What the Heck is the West Lothian Question?

It's high time we stopped our obsession with mid life sex or what was Joan Rivers' doctor doing to concentrate on the things that really matter - namely, what we should do about the West Lothian question.

The West Lothian question reared its head again this week when Scotland voted against independence. Yep the Scots may not be big fans of scones and the plum voiced British Prime Minister David Cameron who would be treated to a 'Glasgow handshake' in some of the rougher bars of Scotland's biggest city, but the vote revealed they like the English really. Or at least they are fond of the Queen's Corgis and her right to shoot deer on their land.


Linlighgo Palace, West Lothian


Renewed talk about the West Lothian question gave me an uneasy feeling of a former life, like those kids who realize they used to be Civil War soldiers who died at Antietem.

Had I not researched this decades ago in preparation for law school interviews? My worse interview was for the University of Bristol, an experience which I stammered through and talked about the virtues of using water cannons on rioters. My interviewer was a communist public law professor. Fortunately, I was from a state school, so was still admitted.

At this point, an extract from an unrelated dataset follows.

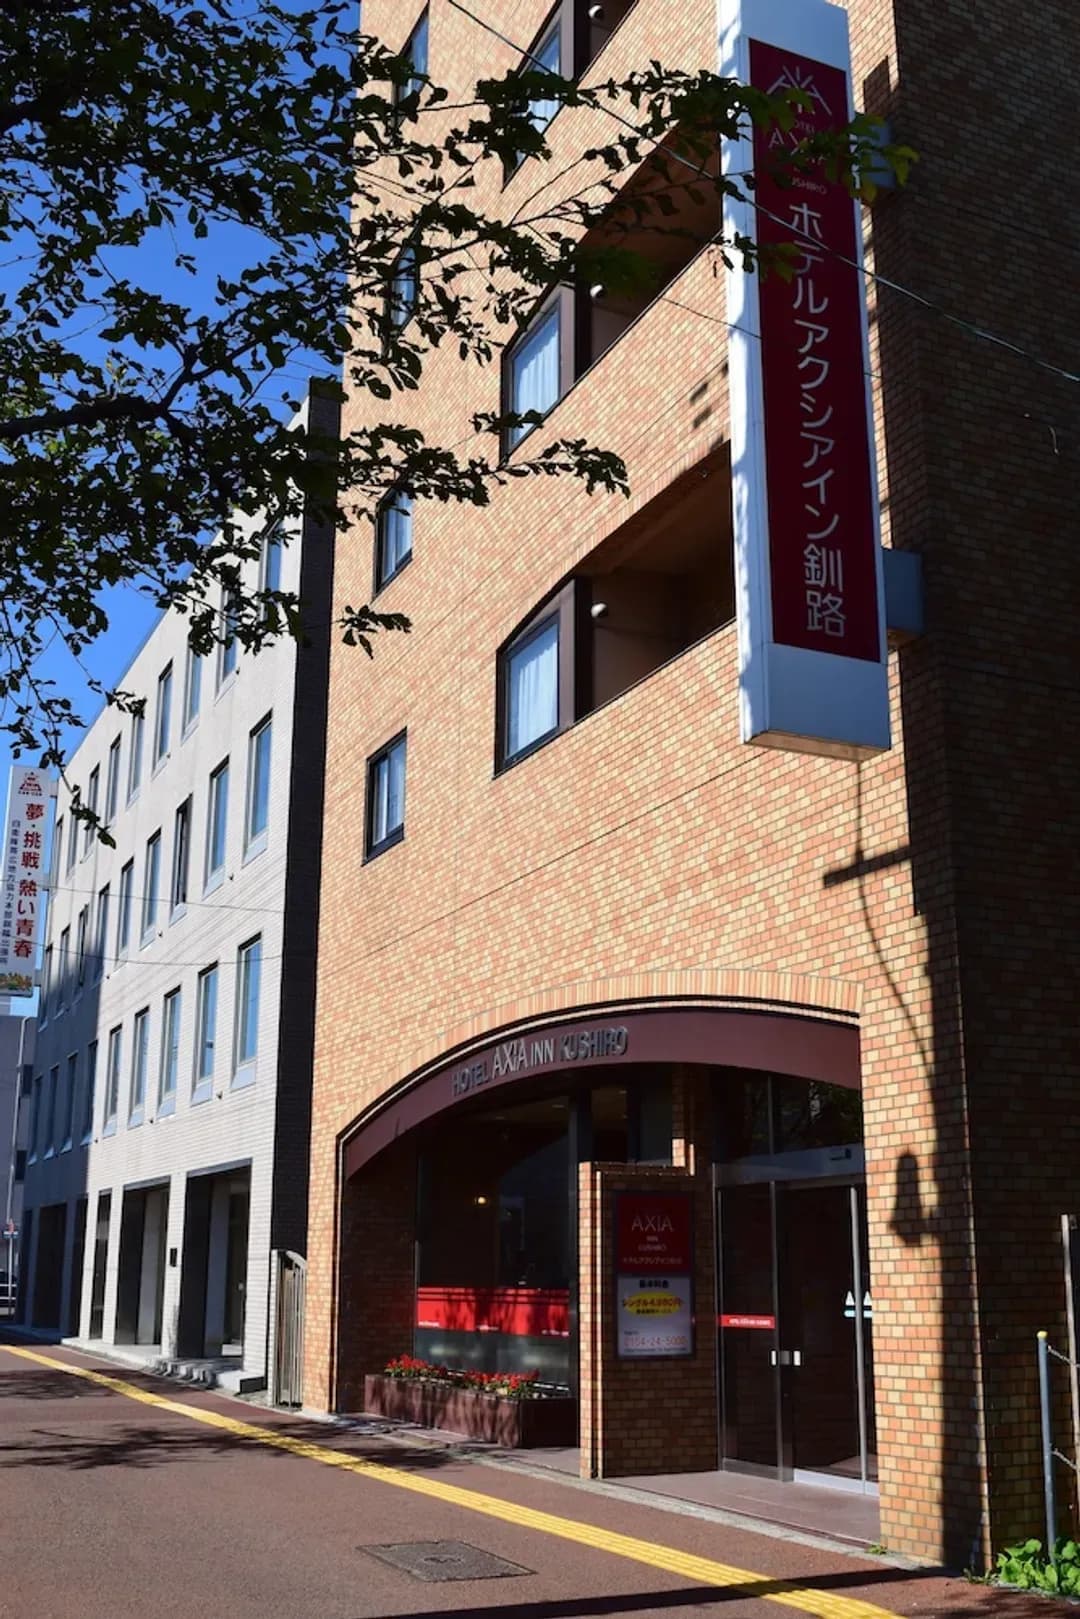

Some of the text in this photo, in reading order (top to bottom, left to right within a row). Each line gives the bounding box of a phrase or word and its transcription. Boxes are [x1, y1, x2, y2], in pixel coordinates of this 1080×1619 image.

[789, 202, 847, 638] ホテルアクシアイン釧路
[13, 803, 44, 959] 夢・挑戦・熱い青春
[453, 1026, 629, 1096] HOTEL AXIA INN KUSHIRO
[631, 1215, 673, 1232] AXIA

I was admitted without once mentioning those three golden words - West Lothian question.

So without further ado, here's the definition of the West Lothian question - via the Independent.

"The West Lothian question, or the issue of “English votes for English laws”, regards the concept that in a devolved system, Scottish MPs can vote on England-only policies, but English MPs do not have an equivalent say on how Scotland is run because it is led by the Scottish parliament.
The same is also true of Wales and Northern Ireland.
If more powers are now devolved to Scotland as David Cameron has pledged, this means there will be more devolved areas which English MPs cannot cast their vote upon. However, these restrictions will not apply to Scottish MPs."

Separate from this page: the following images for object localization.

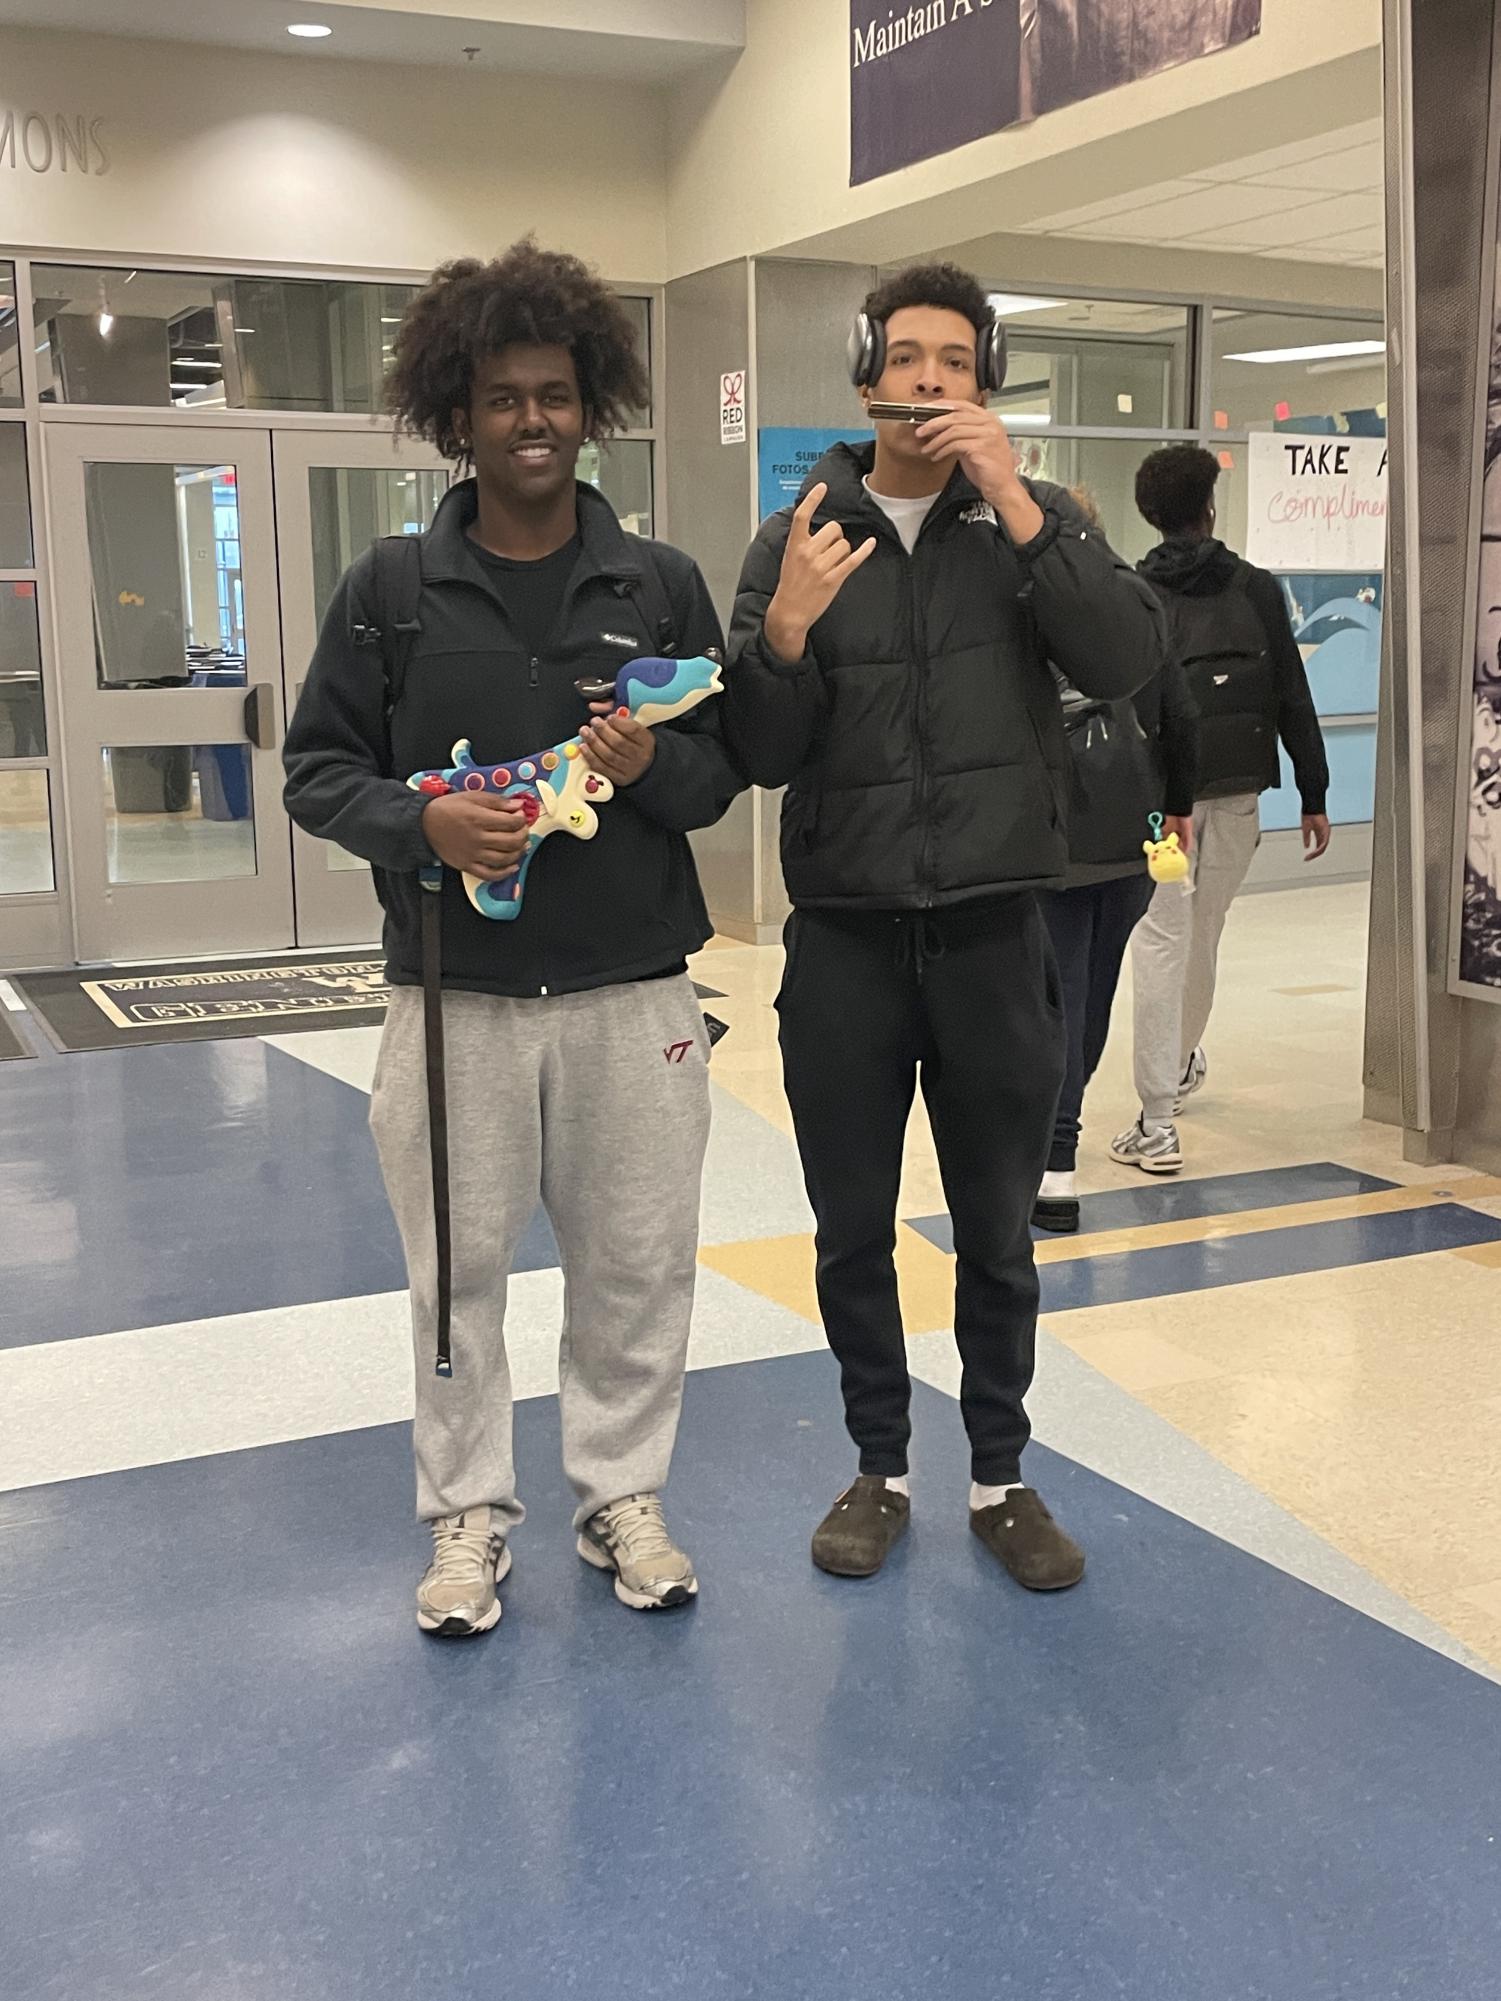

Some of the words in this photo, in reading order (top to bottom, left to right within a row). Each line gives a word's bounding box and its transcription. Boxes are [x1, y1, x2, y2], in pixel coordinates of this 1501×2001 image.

[853, 0, 946, 68] Maintain
[722, 407, 743, 425] RED
[772, 464, 808, 474] FOTOS
[1284, 444, 1350, 475] TAKE
[663, 1040, 694, 1064] VT

We are likely to be hearing a lot more about the West Lothian question as Scotland gets more powers, not that this will appease my Corgi-hating Scottish aunt.  So that was worth waiting for? The place around the corner does great egg, lard and bacon sandwiches. I really should not but....




Monday, September 15, 2014

Kate Bush and the Demise of Old England

Americans don't get Kate Bush much. "Who's that wailing woman?" is the usual response I get while one girl tried to persuade me that Pat Benatar has a better version of "Wuthering Heights."

Pause for unpleasant fit of spluttering...



I have always liked Oh England My Lionheart because it takes me back to something half imagined and intangible but if you could put a description on it, to the England after the war when the evil of Nazism had been vanquished and everything would be perfect from there on in.

The England half-imagined would look like the fabled Hovis bread ad. of my childhood, which is filmed on Gold Hill in Shaftsbury one of the loveliest streets in England, made more lovely by the presence of a pub at the top of the cobbled street.



In the 1950s when the images of the dead at Belsen and Auschwitz walked behind a generation like Banquo's ghost, Britain built up the welfare state to provide a net of care from "cradle to grave." The England we grew up in the late 1960s was meant to be a harmonious place - old fashioned and not rich but, nevertheless, good to the core. When I grew up we would tour static old museums and see the Spitfires that brought down the might of the German air force. We would watch films of well spoken pilots with impossible moustaches who stood up against evil against the odds and went home to tea in quiet market towns.

By the 1980s we were beginning to reappraise as greed became good and the police fought running battles with the miners.

And now from a distance England feels an epoch away from the cozy place we grew up in, lulled by children's presenters who were later exposed as pedophiles. I still recall the feeling of terror that swept the underground on July 7, 2005, the day nails ripped through commuters in tunnels and England felt like it was on the verge of a wave of panic that would never subside.

Today the man in the executioners' mask who beheads the hostages speaks with an English accent - continuing a grisly line from the block at the Tower to Tyburn.

Perhaps the image of England as a cradle of civilization was always a cruel illusion. Scratch the surface on any street corner and you will find evidence of Medieval barbarity just a few feet away from WH Smiths.